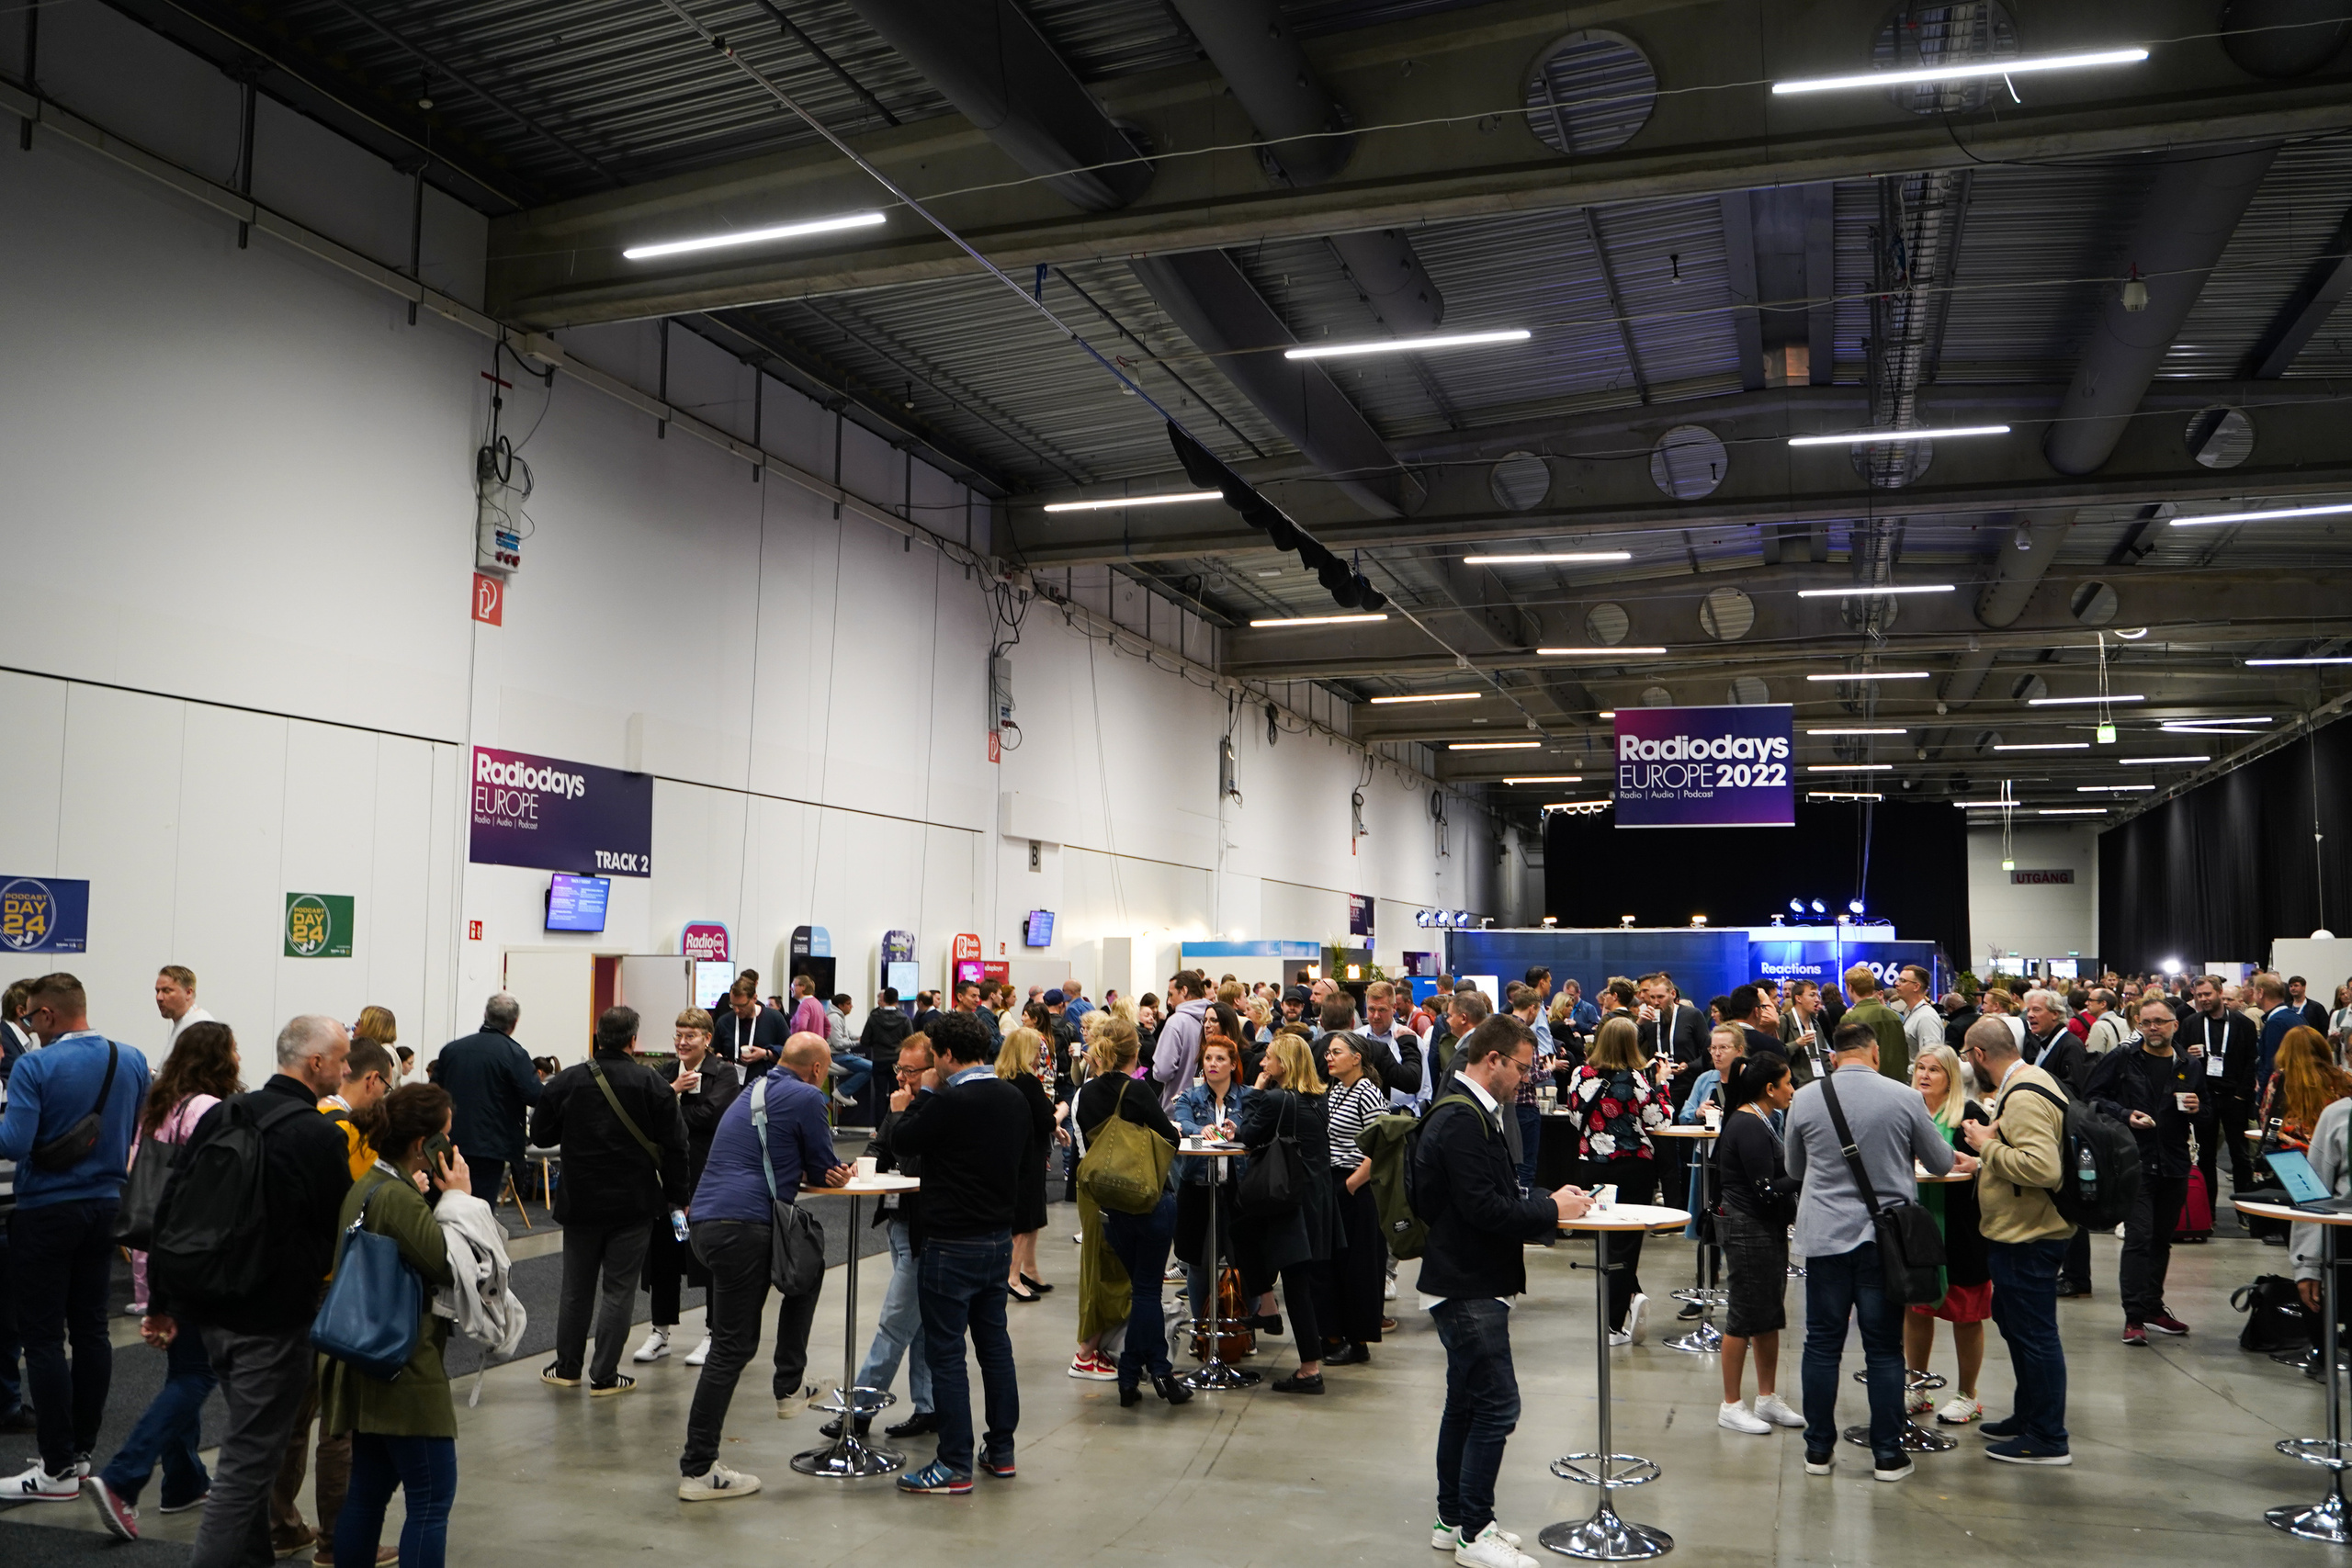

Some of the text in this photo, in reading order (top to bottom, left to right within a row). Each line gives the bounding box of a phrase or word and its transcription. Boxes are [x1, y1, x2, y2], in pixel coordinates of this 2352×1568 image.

[1620, 734, 1789, 763] Radiodays
[476, 752, 585, 800] Radiodays
[1620, 763, 1787, 789] EUROPE 2022
[475, 786, 539, 820] EUROPE
[1620, 790, 1713, 799] Radio Audio Podcast
[474, 814, 538, 830] Radio Audio Podcast
[595, 850, 649, 873] TRACK 2
[1032, 845, 1038, 866] B
[2016, 870, 2069, 884] UTGÅNG
[5, 892, 48, 901] PODCAST
[5, 900, 47, 914] DAY
[4, 914, 46, 935] 24
[294, 913, 324, 925] DAY
[293, 924, 323, 943] 24
[685, 932, 713, 949] Radio
[1761, 962, 1822, 975] Reactions
[1854, 961, 1900, 986] 96

····················

● **Task instructions**:
When you print the records above, keep them exact and leave out the pictures.

● **Solution for this problem**:
Some of the text in this photo, in reading order (top to bottom, left to right within a row). Each line gives the bounding box of a phrase or word and its transcription. Boxes are [x1, y1, x2, y2], in pixel coordinates of this 2352×1568 image.

[1620, 734, 1789, 763] Radiodays
[476, 752, 585, 800] Radiodays
[1620, 763, 1787, 789] EUROPE 2022
[475, 786, 539, 820] EUROPE
[1620, 790, 1713, 799] Radio Audio Podcast
[474, 814, 538, 830] Radio Audio Podcast
[595, 850, 649, 873] TRACK 2
[1032, 845, 1038, 866] B
[2016, 870, 2069, 884] UTGÅNG
[5, 892, 48, 901] PODCAST
[5, 900, 47, 914] DAY
[4, 914, 46, 935] 24
[294, 913, 324, 925] DAY
[293, 924, 323, 943] 24
[685, 932, 713, 949] Radio
[1761, 962, 1822, 975] Reactions
[1854, 961, 1900, 986] 96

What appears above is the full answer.